Pet Peeves in Mysteries
Do you have pet peeves? What are some of yours? I wince when game show contestants can't add two one-digit numbers, I hate to see street signs that have misplaced apostrophes, and I go crazy when I see some of these tricks in mysteries.
First off, that ever-popular TSTL (too stupid to live) heroine. PLEASE stop meeting strangers in dark alleys at midnight, alone, with no backup. PLEASE don't go down into the basement at 2 AM during a power outage armed with nothing but a flashlight because you "heard something." Especially when the neighbors have been knocked off one by one over the past week! I like heroines who think like I do, and most readers are too clever to do these things.

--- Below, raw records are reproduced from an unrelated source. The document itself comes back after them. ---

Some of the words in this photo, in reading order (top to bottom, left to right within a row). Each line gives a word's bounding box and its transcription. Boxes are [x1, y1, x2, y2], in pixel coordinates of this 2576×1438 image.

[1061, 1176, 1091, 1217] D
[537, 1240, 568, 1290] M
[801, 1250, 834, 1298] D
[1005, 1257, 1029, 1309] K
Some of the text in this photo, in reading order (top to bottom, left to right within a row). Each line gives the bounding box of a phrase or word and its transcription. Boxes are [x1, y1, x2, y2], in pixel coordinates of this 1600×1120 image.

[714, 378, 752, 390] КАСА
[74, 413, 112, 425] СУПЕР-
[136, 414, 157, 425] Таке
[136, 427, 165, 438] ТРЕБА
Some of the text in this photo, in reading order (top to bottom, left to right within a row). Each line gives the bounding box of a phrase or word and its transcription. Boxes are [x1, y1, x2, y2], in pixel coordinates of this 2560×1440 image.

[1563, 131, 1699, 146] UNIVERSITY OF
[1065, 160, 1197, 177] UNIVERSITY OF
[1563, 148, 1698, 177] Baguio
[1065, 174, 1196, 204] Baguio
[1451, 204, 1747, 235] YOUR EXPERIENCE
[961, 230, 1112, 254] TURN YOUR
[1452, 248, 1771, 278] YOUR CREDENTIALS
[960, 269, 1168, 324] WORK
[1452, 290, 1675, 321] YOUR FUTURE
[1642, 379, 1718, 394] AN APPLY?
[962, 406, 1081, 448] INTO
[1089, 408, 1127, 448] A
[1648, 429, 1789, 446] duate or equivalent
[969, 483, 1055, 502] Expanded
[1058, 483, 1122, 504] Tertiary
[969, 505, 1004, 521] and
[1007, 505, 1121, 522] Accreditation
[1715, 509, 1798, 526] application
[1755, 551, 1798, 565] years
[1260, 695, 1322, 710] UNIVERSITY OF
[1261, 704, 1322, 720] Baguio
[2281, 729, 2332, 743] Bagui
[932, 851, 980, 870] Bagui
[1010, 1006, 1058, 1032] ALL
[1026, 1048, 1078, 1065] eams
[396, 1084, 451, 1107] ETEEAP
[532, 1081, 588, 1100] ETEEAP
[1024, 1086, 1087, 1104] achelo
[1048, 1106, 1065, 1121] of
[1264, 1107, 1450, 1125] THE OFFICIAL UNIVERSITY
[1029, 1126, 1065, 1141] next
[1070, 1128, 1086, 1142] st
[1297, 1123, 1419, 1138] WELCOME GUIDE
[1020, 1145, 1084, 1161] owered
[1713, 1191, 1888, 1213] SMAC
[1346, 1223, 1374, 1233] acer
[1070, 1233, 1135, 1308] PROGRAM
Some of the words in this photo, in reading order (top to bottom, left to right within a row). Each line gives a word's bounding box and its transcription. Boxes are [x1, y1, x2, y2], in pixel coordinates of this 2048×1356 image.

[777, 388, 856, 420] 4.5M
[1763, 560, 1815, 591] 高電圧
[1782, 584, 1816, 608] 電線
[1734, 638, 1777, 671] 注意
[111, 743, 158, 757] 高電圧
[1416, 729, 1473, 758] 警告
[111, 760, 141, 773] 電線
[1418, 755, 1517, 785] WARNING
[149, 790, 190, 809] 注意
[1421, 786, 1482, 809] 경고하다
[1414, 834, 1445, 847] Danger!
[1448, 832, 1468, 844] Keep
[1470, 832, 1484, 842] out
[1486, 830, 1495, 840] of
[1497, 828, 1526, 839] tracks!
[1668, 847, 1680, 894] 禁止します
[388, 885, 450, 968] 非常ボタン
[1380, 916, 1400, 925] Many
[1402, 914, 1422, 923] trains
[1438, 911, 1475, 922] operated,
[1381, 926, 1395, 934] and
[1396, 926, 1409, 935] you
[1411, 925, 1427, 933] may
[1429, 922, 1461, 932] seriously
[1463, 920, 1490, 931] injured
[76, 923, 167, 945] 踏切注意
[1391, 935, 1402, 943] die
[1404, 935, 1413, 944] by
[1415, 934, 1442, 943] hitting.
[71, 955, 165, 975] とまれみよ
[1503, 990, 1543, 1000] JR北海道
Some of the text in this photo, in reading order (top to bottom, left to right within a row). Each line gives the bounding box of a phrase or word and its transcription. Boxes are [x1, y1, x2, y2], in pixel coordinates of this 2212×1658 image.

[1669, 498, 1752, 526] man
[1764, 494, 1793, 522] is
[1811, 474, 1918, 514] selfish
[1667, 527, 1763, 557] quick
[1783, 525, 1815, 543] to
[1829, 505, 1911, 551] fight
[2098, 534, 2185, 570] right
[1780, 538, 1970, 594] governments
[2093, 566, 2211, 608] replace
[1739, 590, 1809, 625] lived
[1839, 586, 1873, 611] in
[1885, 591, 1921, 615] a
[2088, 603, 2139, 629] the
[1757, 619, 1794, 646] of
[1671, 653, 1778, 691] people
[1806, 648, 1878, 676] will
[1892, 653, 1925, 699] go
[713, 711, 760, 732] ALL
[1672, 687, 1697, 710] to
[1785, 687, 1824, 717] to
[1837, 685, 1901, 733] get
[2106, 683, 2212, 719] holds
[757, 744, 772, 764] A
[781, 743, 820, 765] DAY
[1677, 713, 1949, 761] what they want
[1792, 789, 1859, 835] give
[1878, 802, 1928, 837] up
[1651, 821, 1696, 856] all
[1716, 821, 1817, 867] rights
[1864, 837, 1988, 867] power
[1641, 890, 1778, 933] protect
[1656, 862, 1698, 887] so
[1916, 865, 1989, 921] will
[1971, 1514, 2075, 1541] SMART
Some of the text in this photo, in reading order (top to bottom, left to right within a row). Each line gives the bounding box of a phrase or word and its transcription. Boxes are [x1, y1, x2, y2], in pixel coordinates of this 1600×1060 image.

OH WHOA IT'S A CLUE--BUT LOOK, SOMETHING SHINY! Our Heroine finds a Real Live Clue, but we can't let her immediately grasp what it means and how important it is, because then the book would be over. So for a hundred pages or more, the reader is carefully distracted from whatever it was, even though someone else might mention it just to keep that "fair play" ball in the court. About three-quarters of the way in, someone says something innocent that reminds the sleuth about this clue. AHA! Now we know what that meant!
But even worse is when the sleuth realizes the importance of that dull paper clip--and doesn't announce what it is. The sleuth jumps up from breakfast yelling, "I know! I know how Bogdorp offed Manimal!" And then proceeds to make phone calls that we don't overhear and go running around to set up police officers to be lurking in the background when the perp is confronted. The perp is cornered and either pulls a gun or does a full confession. Sigh.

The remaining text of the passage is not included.